Police suspect Cross fatally shot two people yesterday afternoon in the parking lot behind the Jewish Community Center of Greater Kansas City, then drove to a retirement community where he shot a third person. He was arrested in an elementary school parking lot.
"We have unquestionably determined through the work of law enforcement that this was a hate crime," Overland Park Police Chief John Douglass said, refusing to elaborate on the evidence.
Cross, a former Ku Klux Klan leader who was once the subject of a nationwide manhunt, was jailed on a preliminary charge of first-degree murder.
Douglass said the suspect made several statements to police, "but it's too early to tell you what he may or may not have said" during the attacks. He also said it was too early in the investigation to determine whether Cross had an anti-Semitic motive. The Jewish festival of Passover begins today.

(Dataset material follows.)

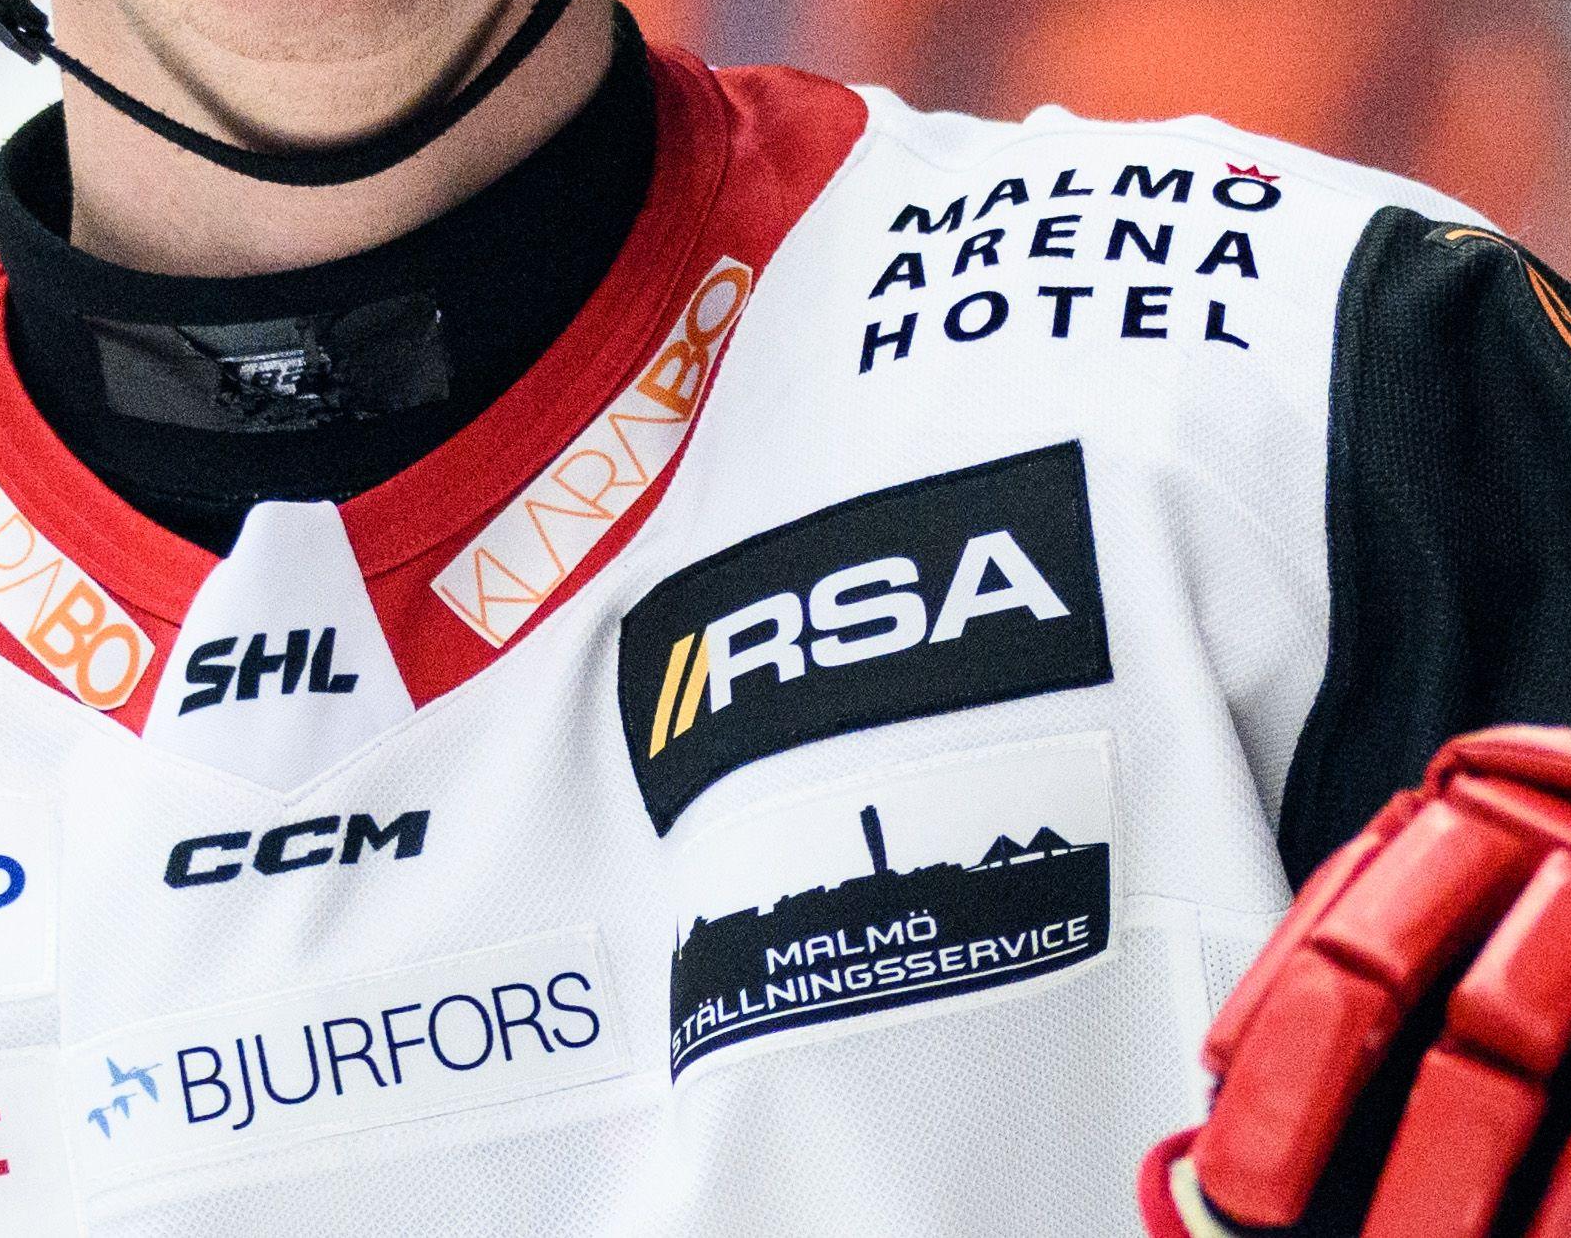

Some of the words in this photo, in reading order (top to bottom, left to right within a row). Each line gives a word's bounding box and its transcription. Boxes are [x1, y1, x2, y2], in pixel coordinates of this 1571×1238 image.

SITE, a US-based terror monitoring group, described the suspect as a known and vocal anti-Semite who frequently calls for genocide against Jews.
Police said the attacks happened within minutes. The gunman shot two people in the parking lot behind the Jewish Community Center of Greater Kansas City. He then drove a few blocks to a retirement community, Village Shalom, and gunned down a woman or girl there, Douglass said. Officers arrested him in an elementary school parking lot soon after.
The gunman shot at but missed two other people and never entered any buildings, police said.
The victims were identified as Dr. William Lewis Corporon, who died at the scene; his 14-year-old grandson, Reat Griffin Underwood, who died at Overland Park Regional Medical Center; and 53-year-old occupational therapist Terri LaManno, a Catholic who was visiting her mother at the retirement complex near the community center.
Rebecca Sturtevant, a hospital spokeswoman, said family members told her Corporon took his grandson to the community center to try out for a student singing competition. Reat was a high school freshman and an Eagle Scout.